Missile-equipped submarines should be prepared to launch, upon signal from Moscow, nuclear missile strikes on the most important coastal targets in the USA (List of targets in Attachment #1).
The main forces of the fleet should be based in the region around Havana and in ports to the west of Havana. One detachment of the brigade of missile patrol boats should be located in the vicinity of Banes.
The battalions of Sopka [coastal defense cruise missiles] should be deployed on the coast:
—One battalion east of Havana in the region of Santa Cruz del Norte;
—One battalion southeast of Cienfuegos in the vicinity of Gavilan;
—One battalion northeast of Banes in the vicinity of Cape Mulas;
—One battalion on the island Piños [Isle of Pines] in the vicinity of Cape Buenavista.
The torpedo-mine air regiment [IL-28s] will deploy at the airfield San Julian Asiento, and plan and instruct in destroying combat ships and enemy landings from the sea.
e) With Respect to the Air Force
The squadron of IL-28 delivery aircraft will be based on Santa Clara airfield in readiness to operate in the directions of Havana, Guantanamo, and the Isle of Pines.

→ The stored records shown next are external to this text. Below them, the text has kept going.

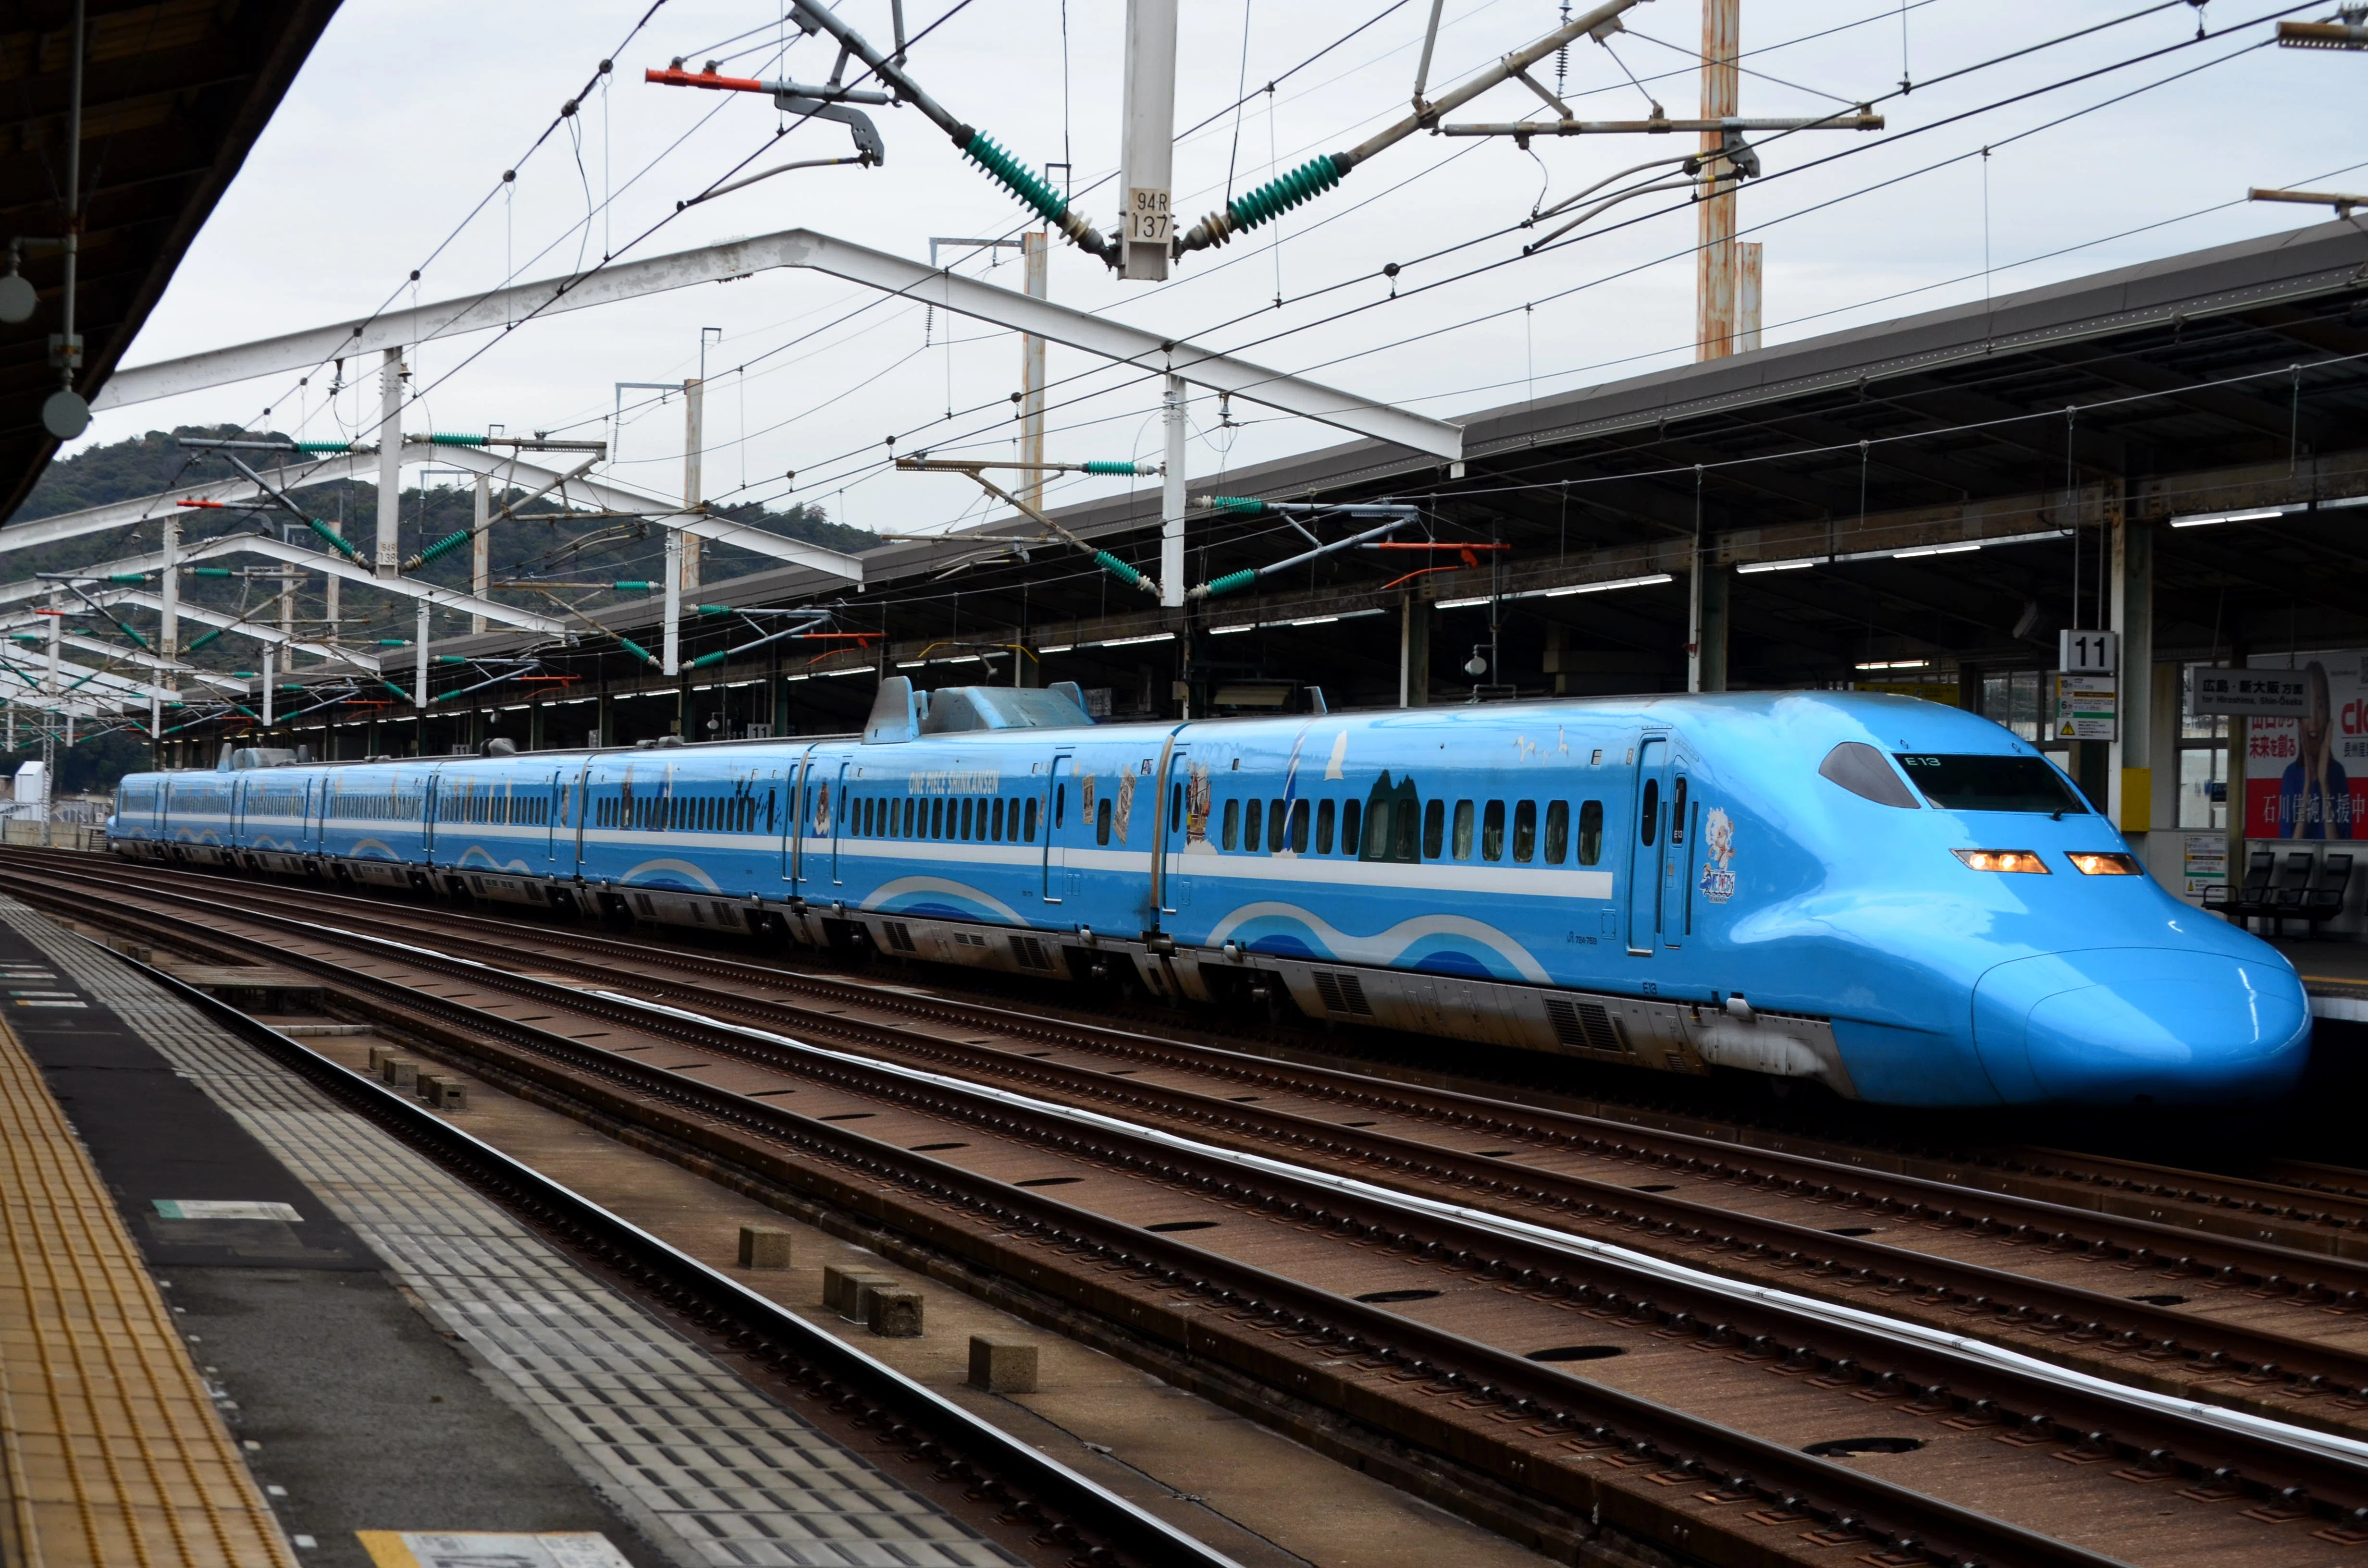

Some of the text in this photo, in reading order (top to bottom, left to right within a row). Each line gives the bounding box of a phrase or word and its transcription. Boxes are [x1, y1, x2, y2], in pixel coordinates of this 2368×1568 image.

[1135, 214, 1167, 238] 137
[380, 552, 396, 563] 138
[2075, 637, 2105, 667] 11
[2341, 698, 2368, 734] cl
[753, 726, 766, 738] 11
[456, 747, 466, 755] 11
[1904, 757, 1941, 766] E13
[909, 770, 999, 795] ONE PIECE SHINKANSEN
[2263, 793, 2365, 823] 石川佳純応援中
[1674, 830, 1683, 838] E13
[1566, 931, 1574, 943] JR
[1642, 982, 1657, 995] E13
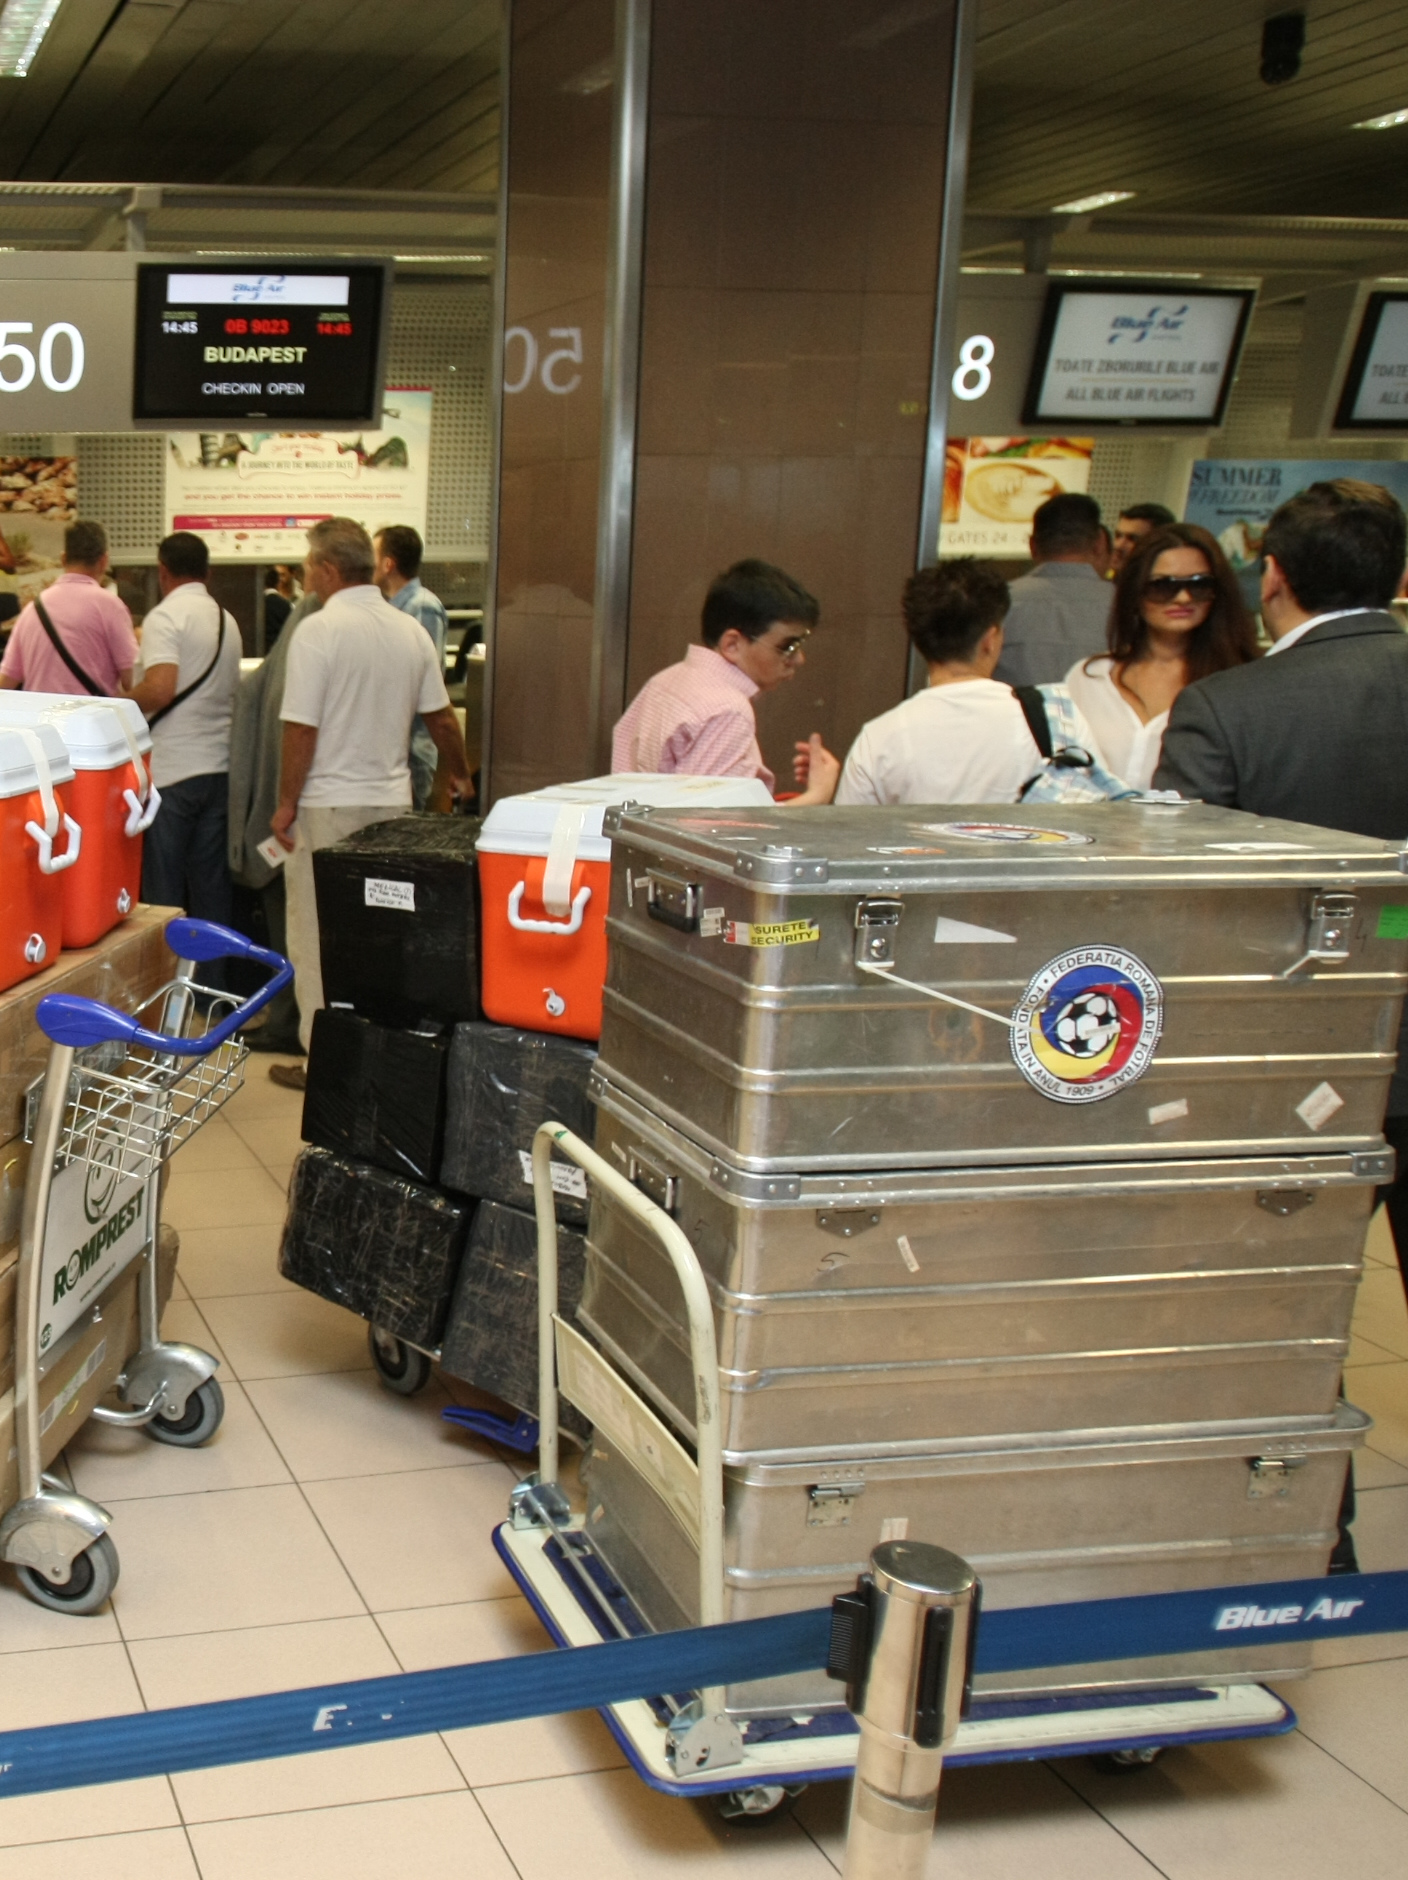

[Translator’s Note: This deployment was later changed to Holguin airfield]
The independent aviation engineering regiments [OAIP] (FKR) [cruise missiles] [trans. note – The OAIP designation was a cover; the real designation was FKR regiments] will deploy:
—231st OAIP—in the western region of Cuba, designated as the main means to fire on the coast in the northeastern and northern sectors, and as a secondary mission in the direction of the Isle of Pines.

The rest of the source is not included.